Functional activities of antibodies against brain-associated T cell antigens. I. Induction of T cell proliferation.

Rabbit anti-mouse brain antiserum mediated an in vitro cooperative interaction between Ig-anti-Ig column-purified Lyt-1+, Lyt-2- T cells and spleen B cells. DNA synthesis in the B cells was inhibited with mitomycin C, and the T cell proliferative response was measured by [3H]thymidine incorporation after 24 h of culture. The T-B cell interaction was genetically unrestricted, and the accessory function of the B cell was engaged via interaction with the Fc portion of the T cell-bound anti-mouse brain antibody since the F(ab')2 fragment was inactive. The rabbit anti-mouse brain anti-serum appears to recognize a unique antigenic determinant in the T cell membrane which triggers proliferation.
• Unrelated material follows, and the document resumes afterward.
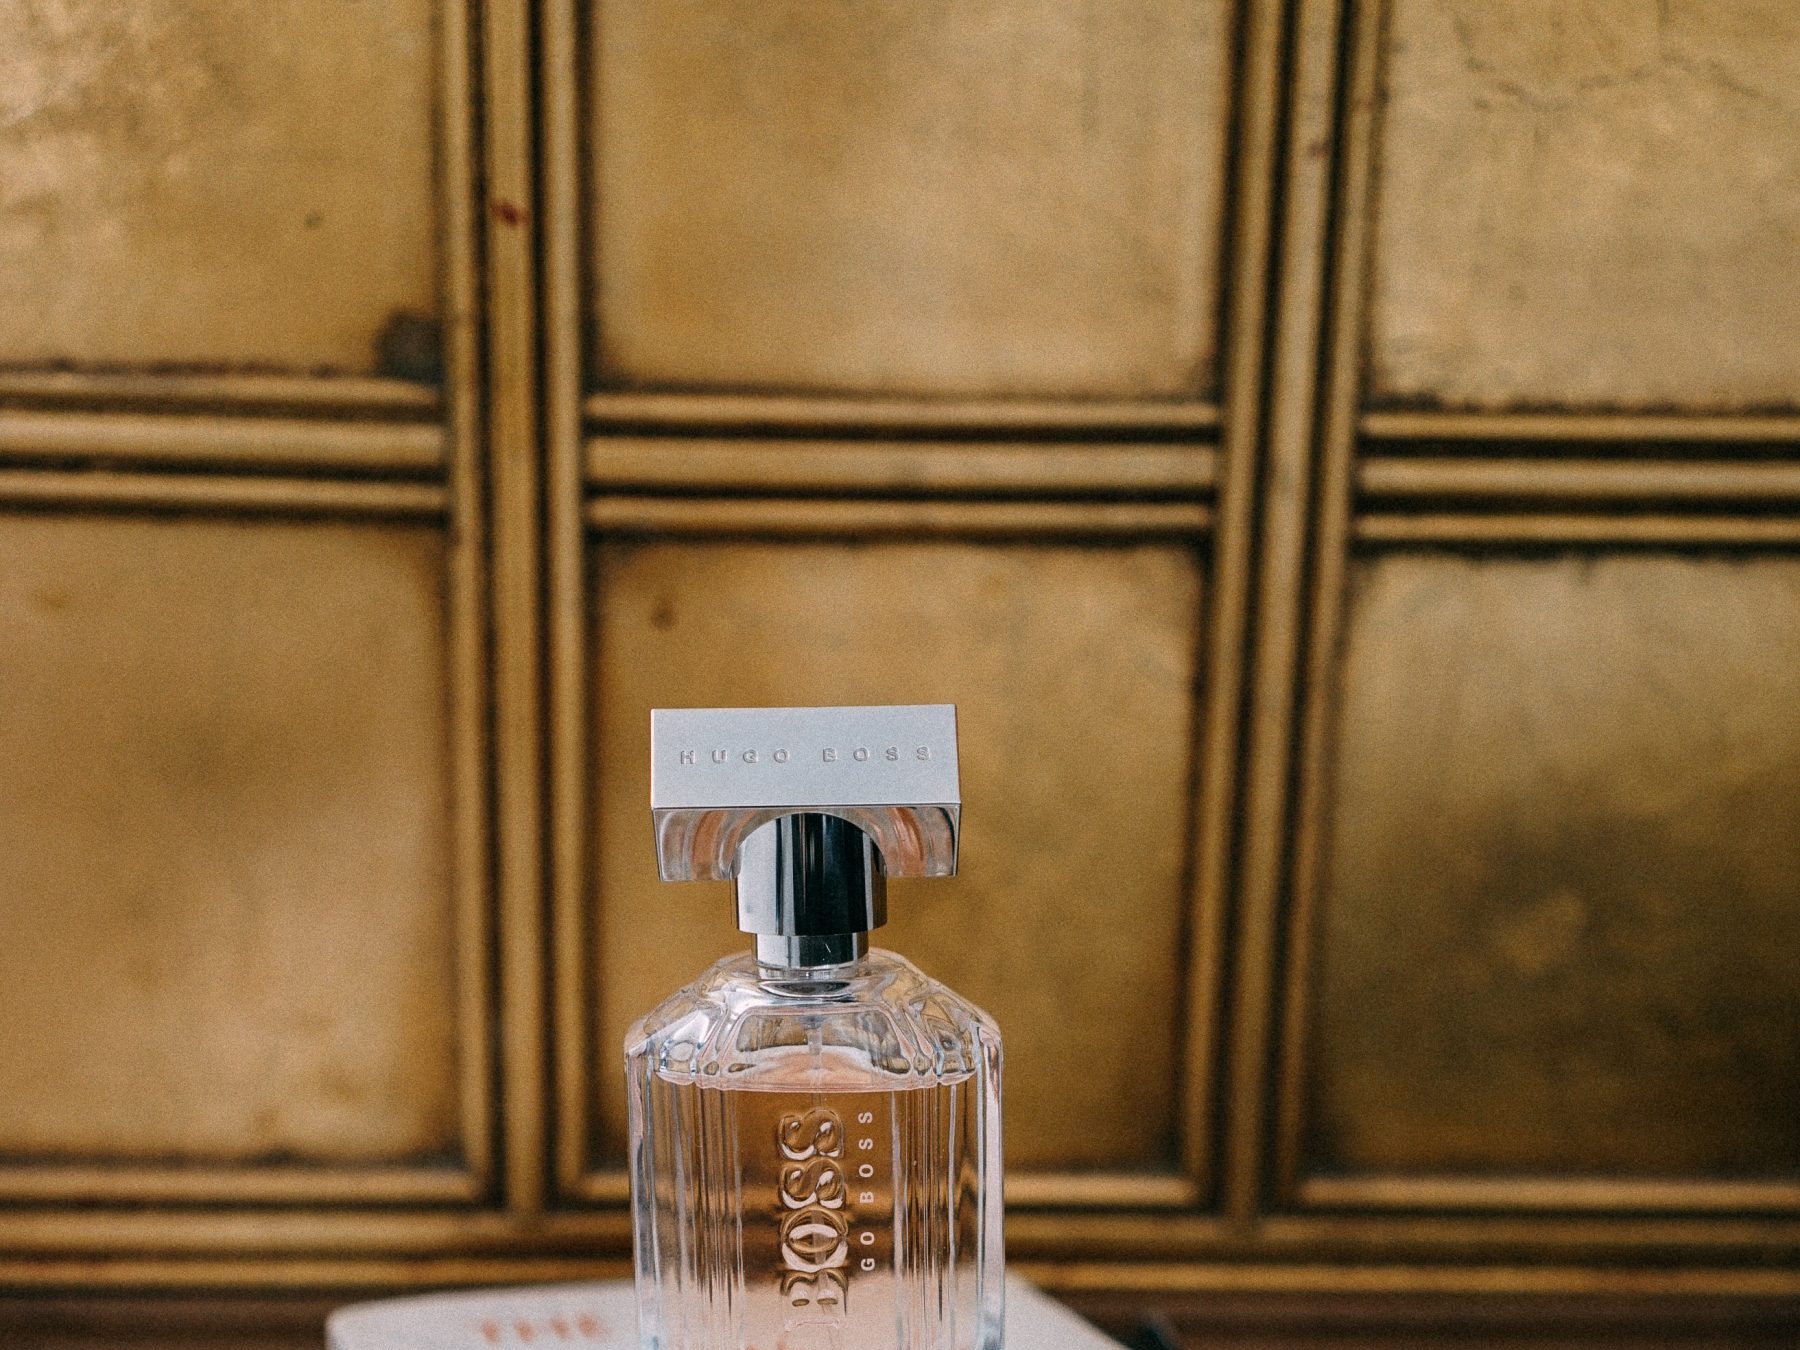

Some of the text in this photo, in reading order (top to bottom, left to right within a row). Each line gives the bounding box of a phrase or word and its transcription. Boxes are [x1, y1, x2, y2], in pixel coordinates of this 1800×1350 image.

[680, 745, 931, 765] HUGO BOSS
[857, 1111, 875, 1204] BOSS
[777, 1108, 849, 1330] BOSS
Although brain-absorbed, rabbit anti-mouse thymocyte antiserum contained antibodies which bound to the T cell surface, it was incapable of inducing T cell proliferation. Furthermore, the Thy-1 molecule itself did not appear to be involved because allo- and xenoantisera against the allelic determinants were inactive, and the capping of Thy-1.2 from the T cell surface did not prevent the binding of the mitogenic component in rabbit anti-mouse brain antiserum. The T cell reaction to anti-brain antiserum is unlike the antigen-specific T cell response in being genetically unrestricted. It is possible that the antibody operates via the perturbation of a T cell determinant involved in the binding of T cell growth factors, and/or reception of B cell feedback signals.